What is expected
Extract the final stretch of the data: the line that contains "this 1800×1800 image." and every line after it, unaltered, and no other lines.

Raw data: Begin

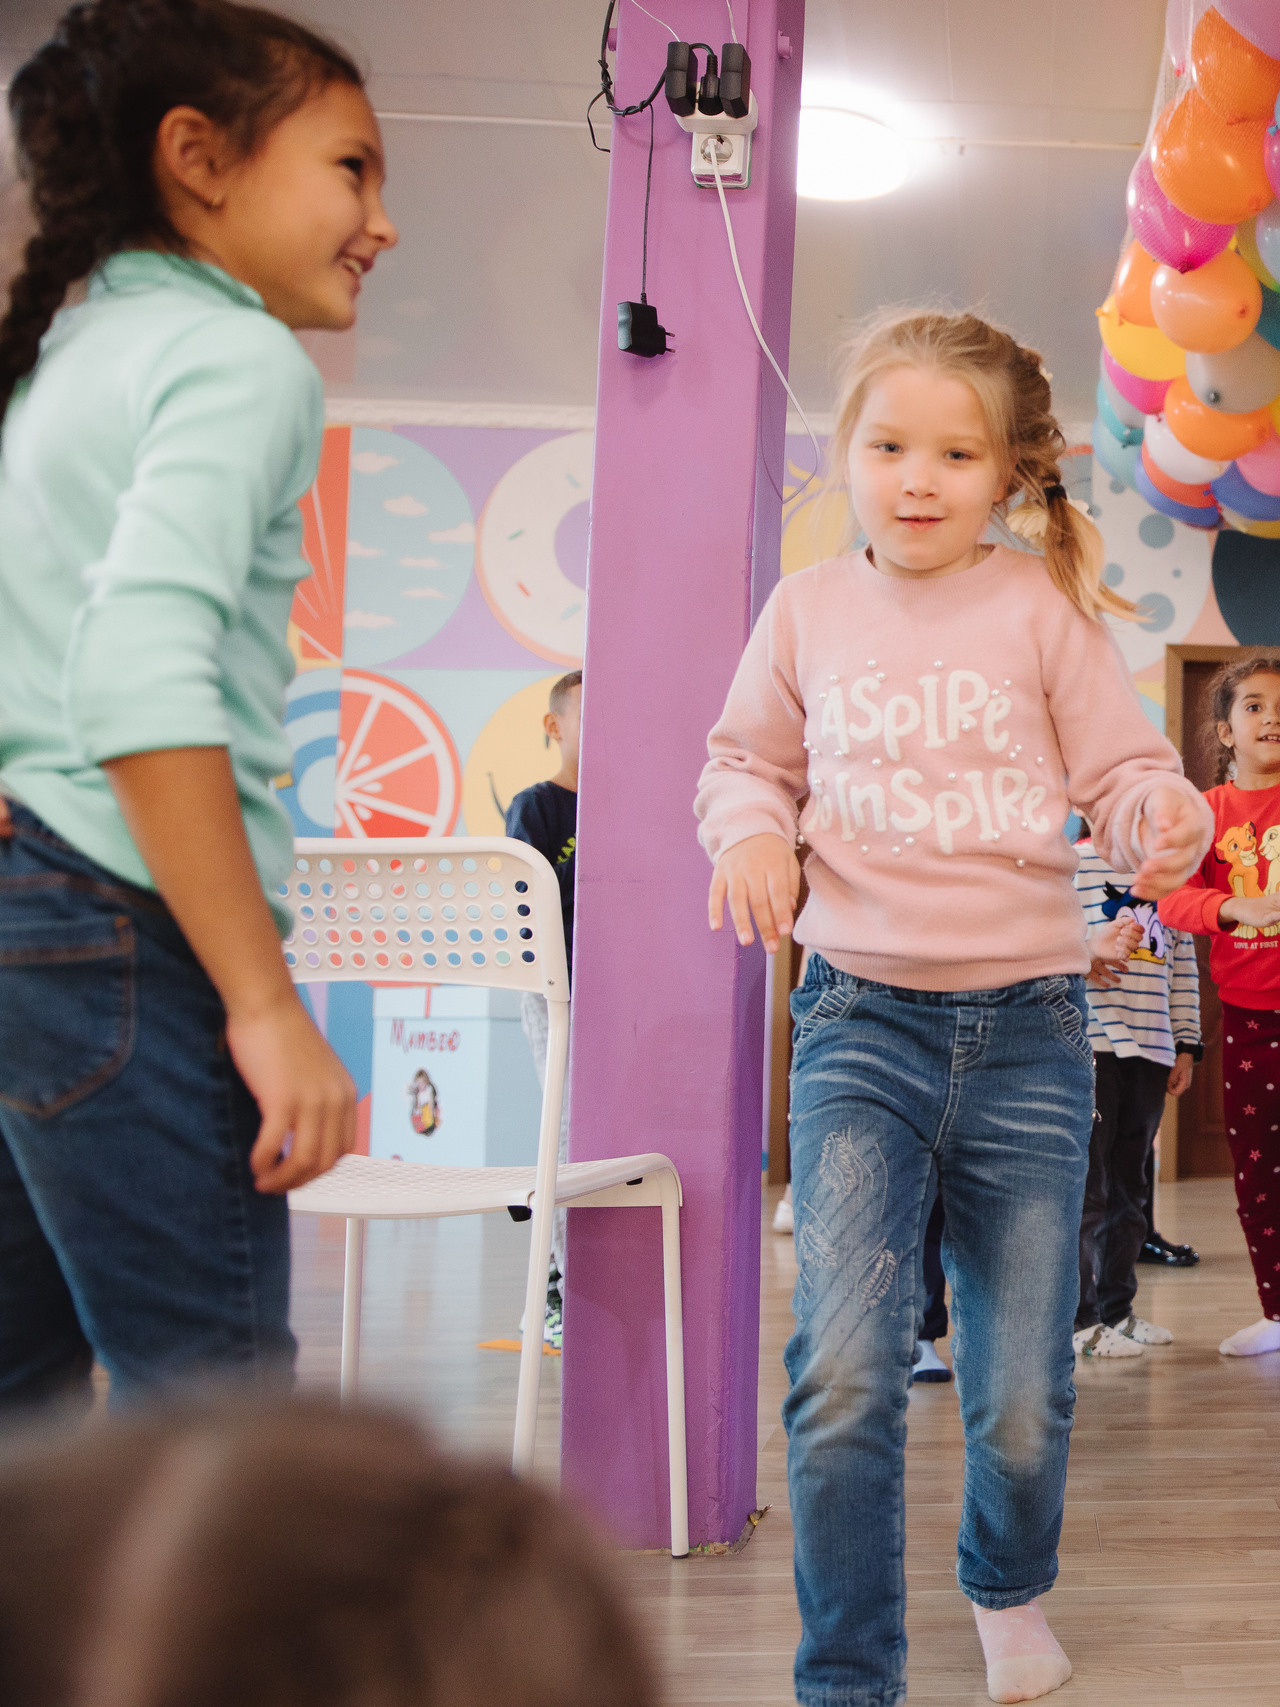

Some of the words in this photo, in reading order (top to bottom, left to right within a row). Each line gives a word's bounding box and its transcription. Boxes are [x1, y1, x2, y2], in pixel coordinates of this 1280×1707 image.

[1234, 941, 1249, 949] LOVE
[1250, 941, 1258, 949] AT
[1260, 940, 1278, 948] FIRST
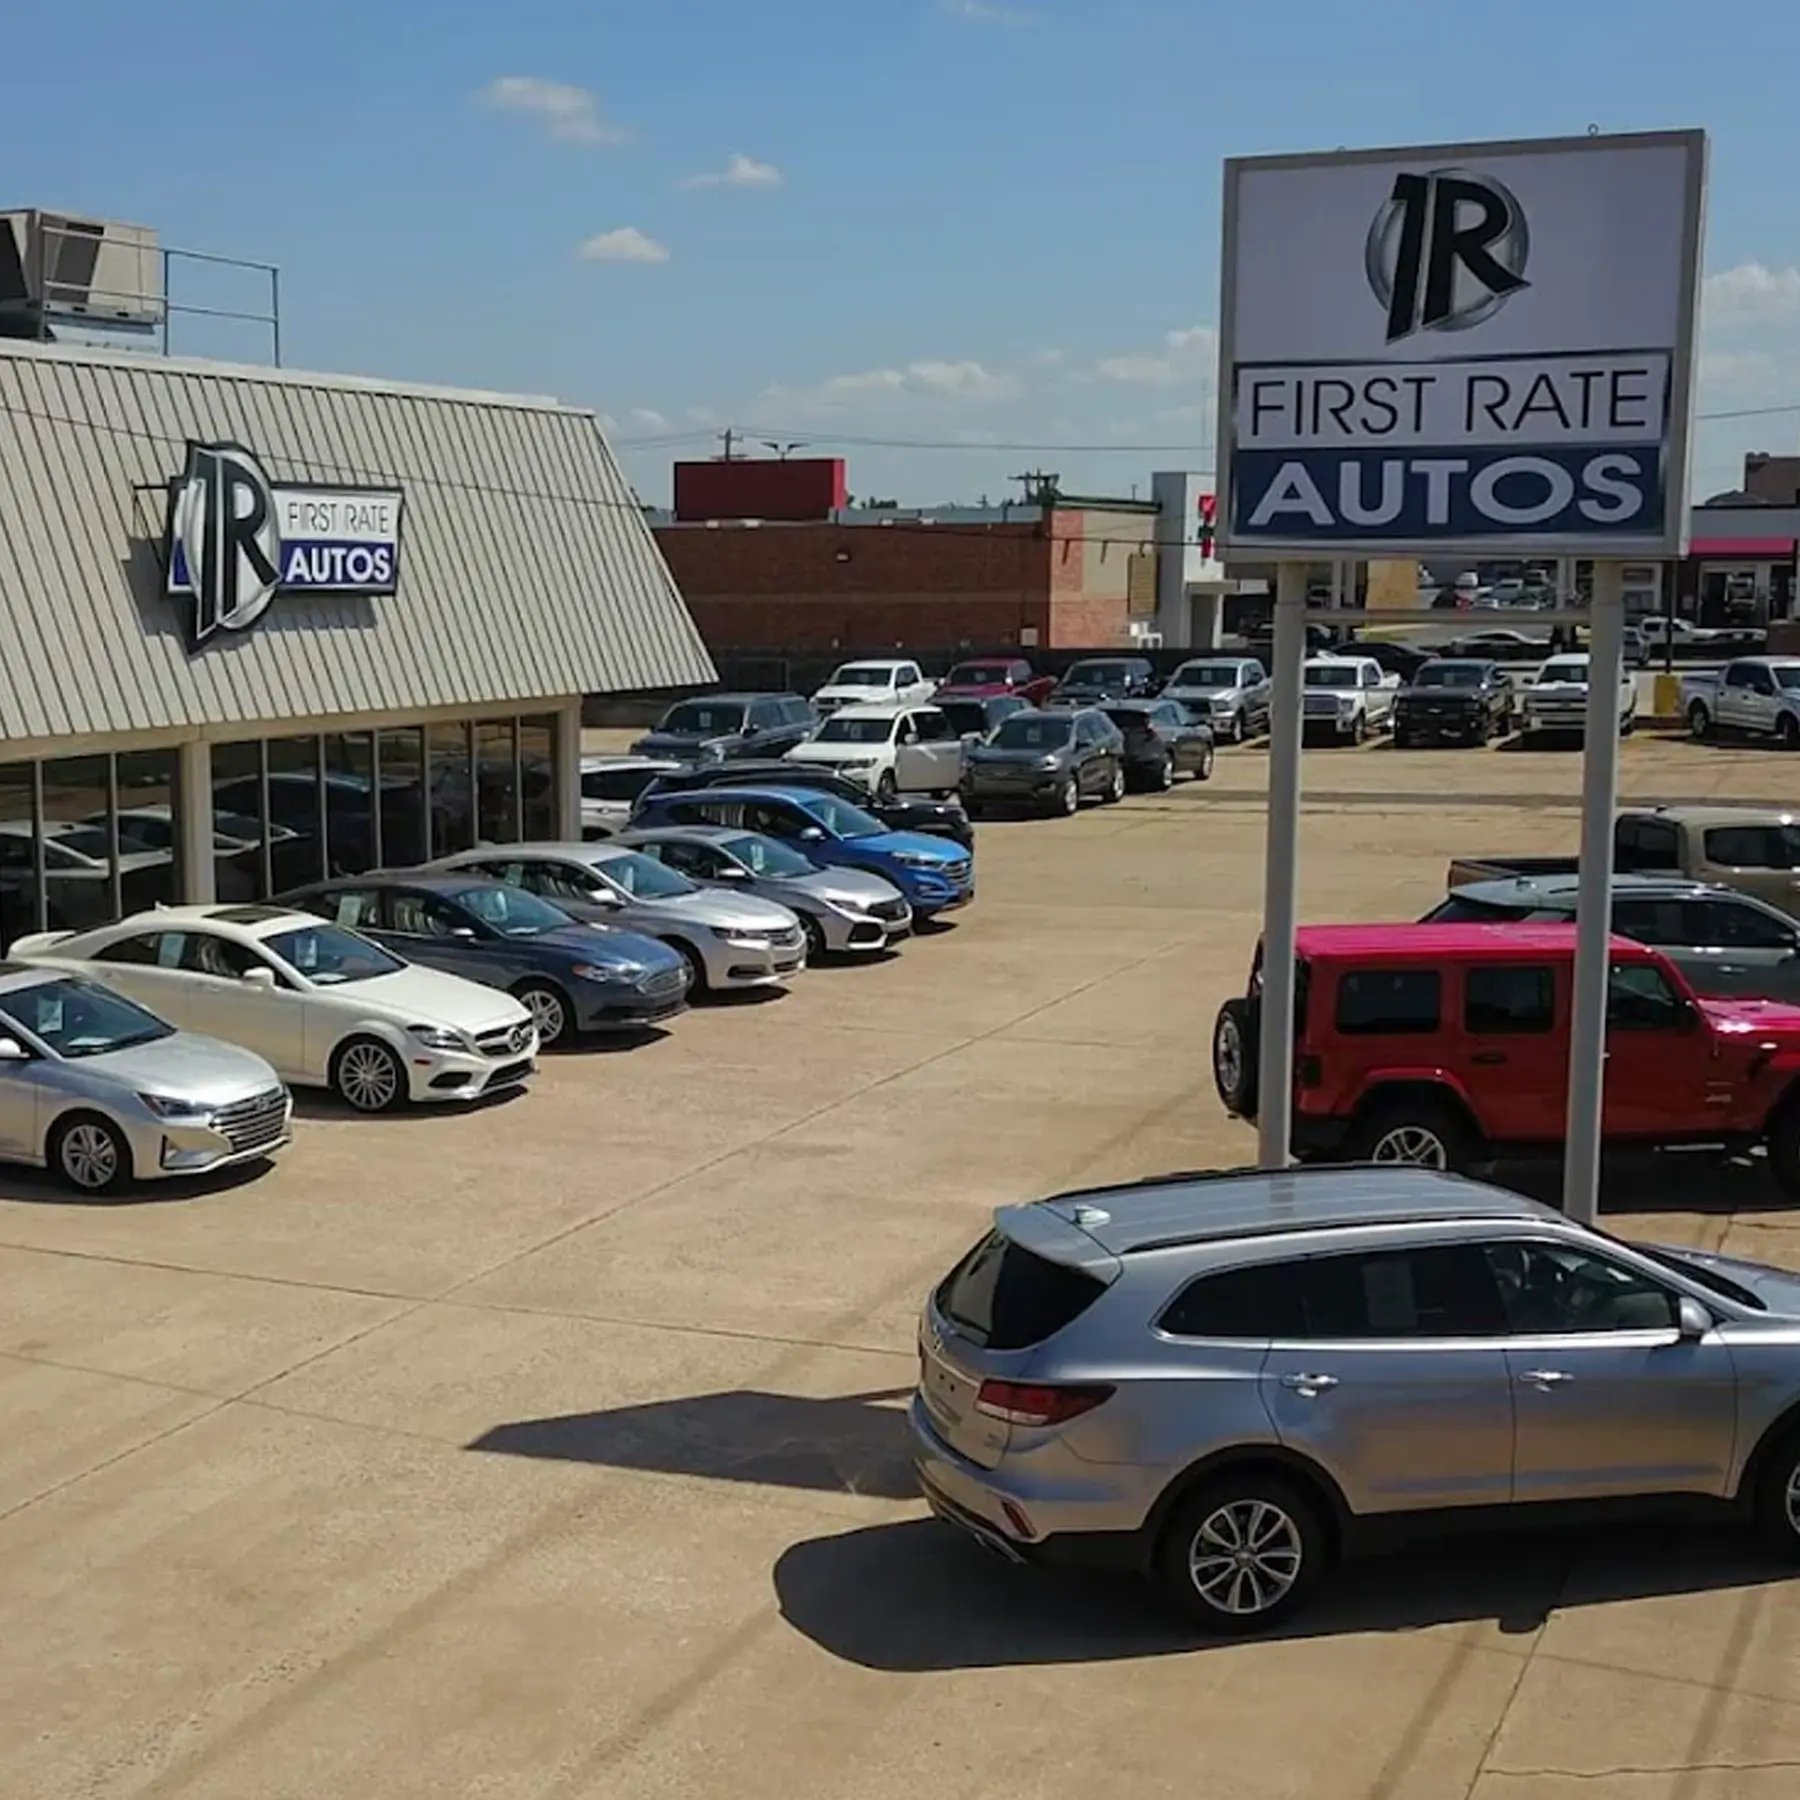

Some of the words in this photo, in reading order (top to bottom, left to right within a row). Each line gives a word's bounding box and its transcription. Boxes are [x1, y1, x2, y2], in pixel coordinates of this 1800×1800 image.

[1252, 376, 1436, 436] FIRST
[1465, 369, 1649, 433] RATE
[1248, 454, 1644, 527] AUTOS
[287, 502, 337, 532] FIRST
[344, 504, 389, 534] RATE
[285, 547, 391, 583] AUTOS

Raw data: End

Exercise response
Some of the words in this photo, in reading order (top to bottom, left to right within a row). Each line gives a word's bounding box and its transcription. Boxes are [x1, y1, x2, y2], in pixel coordinates of this 1800×1800 image.

[1252, 376, 1436, 436] FIRST
[1465, 369, 1649, 433] RATE
[1248, 454, 1644, 527] AUTOS
[287, 502, 337, 532] FIRST
[344, 504, 389, 534] RATE
[285, 547, 391, 583] AUTOS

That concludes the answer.